When grace superabounds your sin, no matter how much sin there is, then–and only then–you can know that you’re truly dead to sin and alive to God; you can reckon yourself so. On that basis–what other basis would serve?–you can surrender your members as instruments to God. Of course that doesn’t quite work out the way you’d hope, there being another law in your members that strives toward sin despite your best intentions. Serving God with your mind and sin with your flesh is a devil’s bargain if ever there was one–“who will deliver me from this dead body?” indeed! Glory to God, He doesn’t leave us there.
The Law–the ever-present admonition not to go too far–could never deliver us from that predicament. But what the Law could never do, God did by raising Jesus from the dead. That same Spirit now indwells us, and although our bodies are not yet redeemed, He cheats and gives spiritual life to our (yet-dead) bodies. The life of the Resurrection is available to us now, before the Resurrection, and so we are able to offer our Spirit-indwelt bodies as a living sacrifice that is acceptable to God.

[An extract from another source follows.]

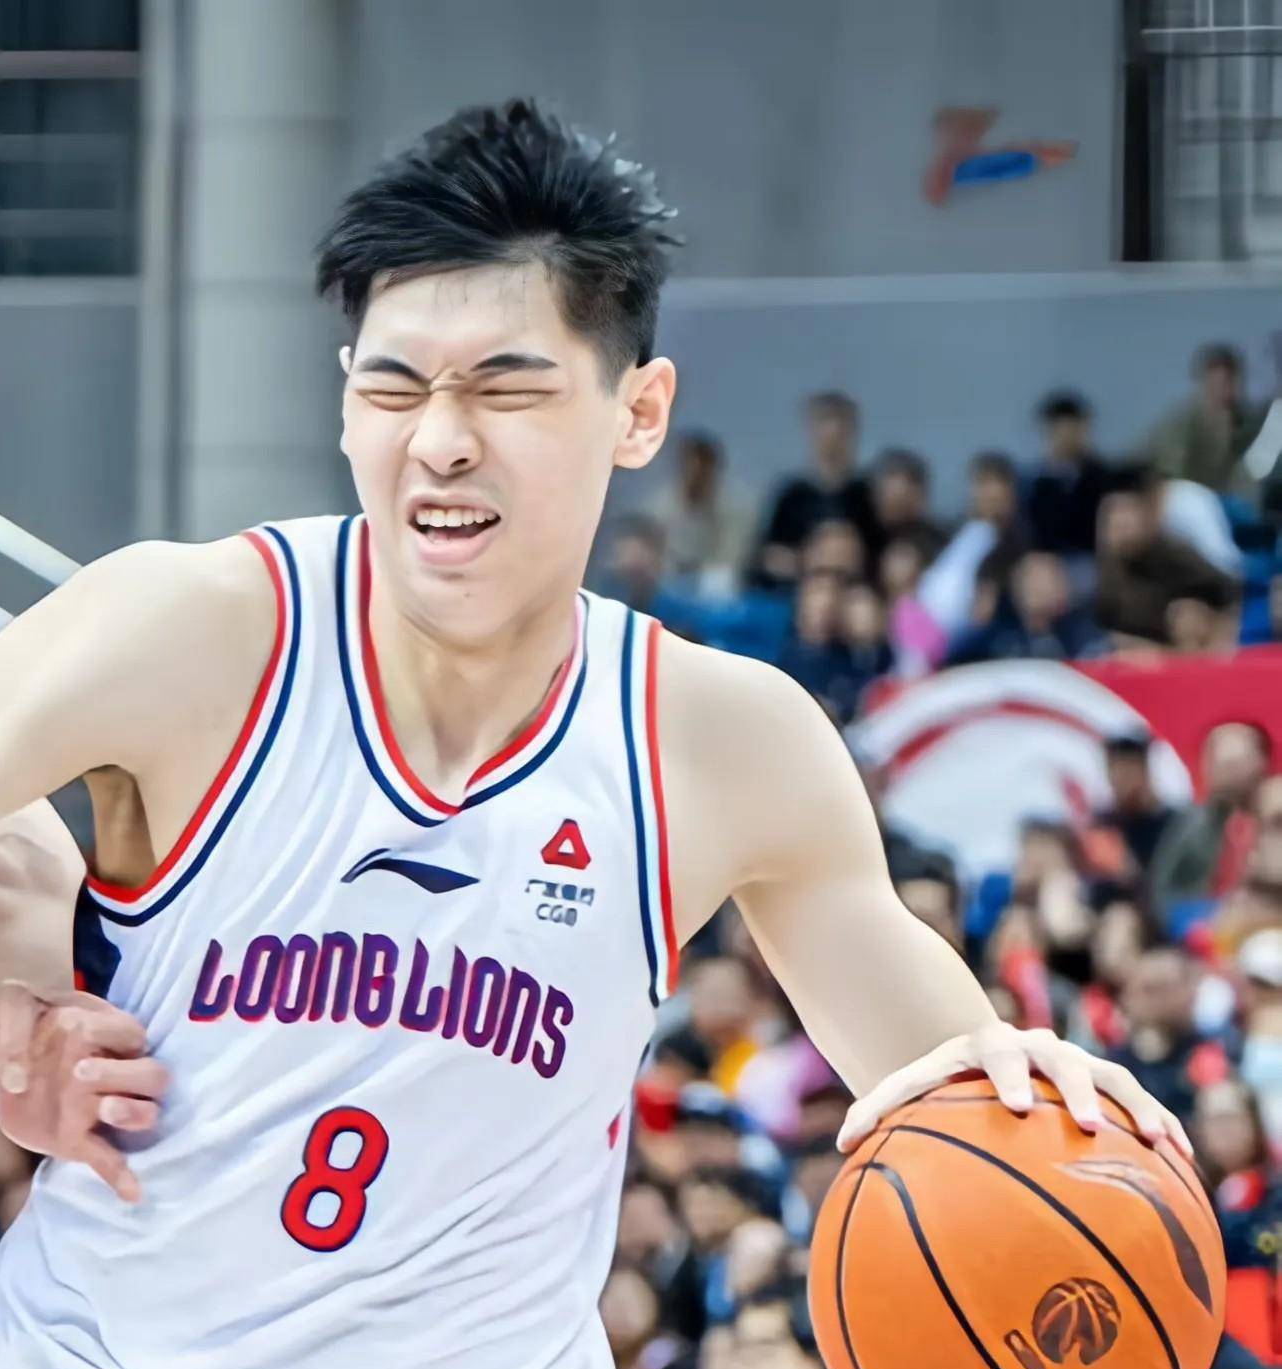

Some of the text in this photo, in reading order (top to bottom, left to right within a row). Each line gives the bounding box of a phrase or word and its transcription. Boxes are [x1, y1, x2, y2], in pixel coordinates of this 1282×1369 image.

[188, 930, 575, 1079] LOONG LIONS
[280, 1105, 390, 1253] 8

No amount of “not taking grace too far” could have rendered our yet-dead bodies even an acceptable sacrifice, still less a living one; nothing short of a resurrection could possibly do that. And a resurrection is precisely what we have–not ours, but His, and we participate in it solely by grace.
Now obviously all this is ridiculous, but Jesus did it anyway. Good thing He didn’t listen to the people who would have told Him not to take it too far.